> Task inputs:
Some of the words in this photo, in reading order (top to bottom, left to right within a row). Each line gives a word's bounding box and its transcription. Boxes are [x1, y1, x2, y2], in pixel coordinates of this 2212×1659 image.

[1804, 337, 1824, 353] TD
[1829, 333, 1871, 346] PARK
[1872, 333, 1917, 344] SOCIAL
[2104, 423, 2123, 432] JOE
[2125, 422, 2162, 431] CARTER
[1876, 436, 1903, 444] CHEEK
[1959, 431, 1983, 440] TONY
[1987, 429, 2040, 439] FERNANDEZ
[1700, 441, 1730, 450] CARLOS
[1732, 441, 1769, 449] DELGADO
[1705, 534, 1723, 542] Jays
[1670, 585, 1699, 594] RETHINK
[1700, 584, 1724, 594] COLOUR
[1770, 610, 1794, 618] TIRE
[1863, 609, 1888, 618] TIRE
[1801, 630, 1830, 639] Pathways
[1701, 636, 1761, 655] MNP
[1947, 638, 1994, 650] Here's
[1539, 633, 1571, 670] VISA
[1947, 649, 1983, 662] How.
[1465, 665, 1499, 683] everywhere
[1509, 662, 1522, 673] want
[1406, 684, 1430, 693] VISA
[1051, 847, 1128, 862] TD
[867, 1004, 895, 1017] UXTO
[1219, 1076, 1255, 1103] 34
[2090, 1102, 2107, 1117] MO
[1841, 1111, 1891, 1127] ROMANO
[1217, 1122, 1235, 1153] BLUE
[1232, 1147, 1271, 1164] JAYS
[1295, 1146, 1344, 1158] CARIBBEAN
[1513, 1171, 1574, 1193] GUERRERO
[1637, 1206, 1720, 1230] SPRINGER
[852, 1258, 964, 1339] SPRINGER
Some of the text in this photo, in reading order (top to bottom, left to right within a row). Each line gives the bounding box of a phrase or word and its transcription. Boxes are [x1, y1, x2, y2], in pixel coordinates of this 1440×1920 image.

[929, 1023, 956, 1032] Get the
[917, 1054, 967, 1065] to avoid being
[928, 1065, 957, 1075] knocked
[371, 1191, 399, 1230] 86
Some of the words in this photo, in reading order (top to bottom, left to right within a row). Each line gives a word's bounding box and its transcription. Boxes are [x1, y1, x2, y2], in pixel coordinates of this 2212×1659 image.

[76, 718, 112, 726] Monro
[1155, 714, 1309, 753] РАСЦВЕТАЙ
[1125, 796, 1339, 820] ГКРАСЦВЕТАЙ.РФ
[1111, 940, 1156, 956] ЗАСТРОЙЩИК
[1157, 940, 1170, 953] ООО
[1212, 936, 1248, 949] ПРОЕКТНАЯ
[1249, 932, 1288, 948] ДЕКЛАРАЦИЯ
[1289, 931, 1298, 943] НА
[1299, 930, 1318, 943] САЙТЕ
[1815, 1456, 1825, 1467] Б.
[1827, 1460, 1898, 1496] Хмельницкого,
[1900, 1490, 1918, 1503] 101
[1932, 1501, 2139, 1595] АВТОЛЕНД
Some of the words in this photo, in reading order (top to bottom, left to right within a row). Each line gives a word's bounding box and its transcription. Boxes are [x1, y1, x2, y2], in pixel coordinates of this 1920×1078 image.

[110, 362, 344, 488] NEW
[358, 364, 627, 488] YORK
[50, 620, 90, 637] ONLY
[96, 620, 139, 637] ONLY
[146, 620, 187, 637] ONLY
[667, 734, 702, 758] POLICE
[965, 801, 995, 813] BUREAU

> What is required: Your task is to restate all of the records above word for word.

> Finished exercise:
Some of the words in this photo, in reading order (top to bottom, left to right within a row). Each line gives a word's bounding box and its transcription. Boxes are [x1, y1, x2, y2], in pixel coordinates of this 2212×1659 image.

[1804, 337, 1824, 353] TD
[1829, 333, 1871, 346] PARK
[1872, 333, 1917, 344] SOCIAL
[2104, 423, 2123, 432] JOE
[2125, 422, 2162, 431] CARTER
[1876, 436, 1903, 444] CHEEK
[1959, 431, 1983, 440] TONY
[1987, 429, 2040, 439] FERNANDEZ
[1700, 441, 1730, 450] CARLOS
[1732, 441, 1769, 449] DELGADO
[1705, 534, 1723, 542] Jays
[1670, 585, 1699, 594] RETHINK
[1700, 584, 1724, 594] COLOUR
[1770, 610, 1794, 618] TIRE
[1863, 609, 1888, 618] TIRE
[1801, 630, 1830, 639] Pathways
[1701, 636, 1761, 655] MNP
[1947, 638, 1994, 650] Here's
[1539, 633, 1571, 670] VISA
[1947, 649, 1983, 662] How.
[1465, 665, 1499, 683] everywhere
[1509, 662, 1522, 673] want
[1406, 684, 1430, 693] VISA
[1051, 847, 1128, 862] TD
[867, 1004, 895, 1017] UXTO
[1219, 1076, 1255, 1103] 34
[2090, 1102, 2107, 1117] MO
[1841, 1111, 1891, 1127] ROMANO
[1217, 1122, 1235, 1153] BLUE
[1232, 1147, 1271, 1164] JAYS
[1295, 1146, 1344, 1158] CARIBBEAN
[1513, 1171, 1574, 1193] GUERRERO
[1637, 1206, 1720, 1230] SPRINGER
[852, 1258, 964, 1339] SPRINGER
Some of the text in this photo, in reading order (top to bottom, left to right within a row). Each line gives the bounding box of a phrase or word and its transcription. Boxes are [x1, y1, x2, y2], in pixel coordinates of this 1440×1920 image.

[929, 1023, 956, 1032] Get the
[917, 1054, 967, 1065] to avoid being
[928, 1065, 957, 1075] knocked
[371, 1191, 399, 1230] 86
Some of the words in this photo, in reading order (top to bottom, left to right within a row). Each line gives a word's bounding box and its transcription. Boxes are [x1, y1, x2, y2], in pixel coordinates of this 2212×1659 image.

[76, 718, 112, 726] Monro
[1155, 714, 1309, 753] РАСЦВЕТАЙ
[1125, 796, 1339, 820] ГКРАСЦВЕТАЙ.РФ
[1111, 940, 1156, 956] ЗАСТРОЙЩИК
[1157, 940, 1170, 953] ООО
[1212, 936, 1248, 949] ПРОЕКТНАЯ
[1249, 932, 1288, 948] ДЕКЛАРАЦИЯ
[1289, 931, 1298, 943] НА
[1299, 930, 1318, 943] САЙТЕ
[1815, 1456, 1825, 1467] Б.
[1827, 1460, 1898, 1496] Хмельницкого,
[1900, 1490, 1918, 1503] 101
[1932, 1501, 2139, 1595] АВТОЛЕНД
Some of the words in this photo, in reading order (top to bottom, left to right within a row). Each line gives a word's bounding box and its transcription. Boxes are [x1, y1, x2, y2], in pixel coordinates of this 1920×1078 image.

[110, 362, 344, 488] NEW
[358, 364, 627, 488] YORK
[50, 620, 90, 637] ONLY
[96, 620, 139, 637] ONLY
[146, 620, 187, 637] ONLY
[667, 734, 702, 758] POLICE
[965, 801, 995, 813] BUREAU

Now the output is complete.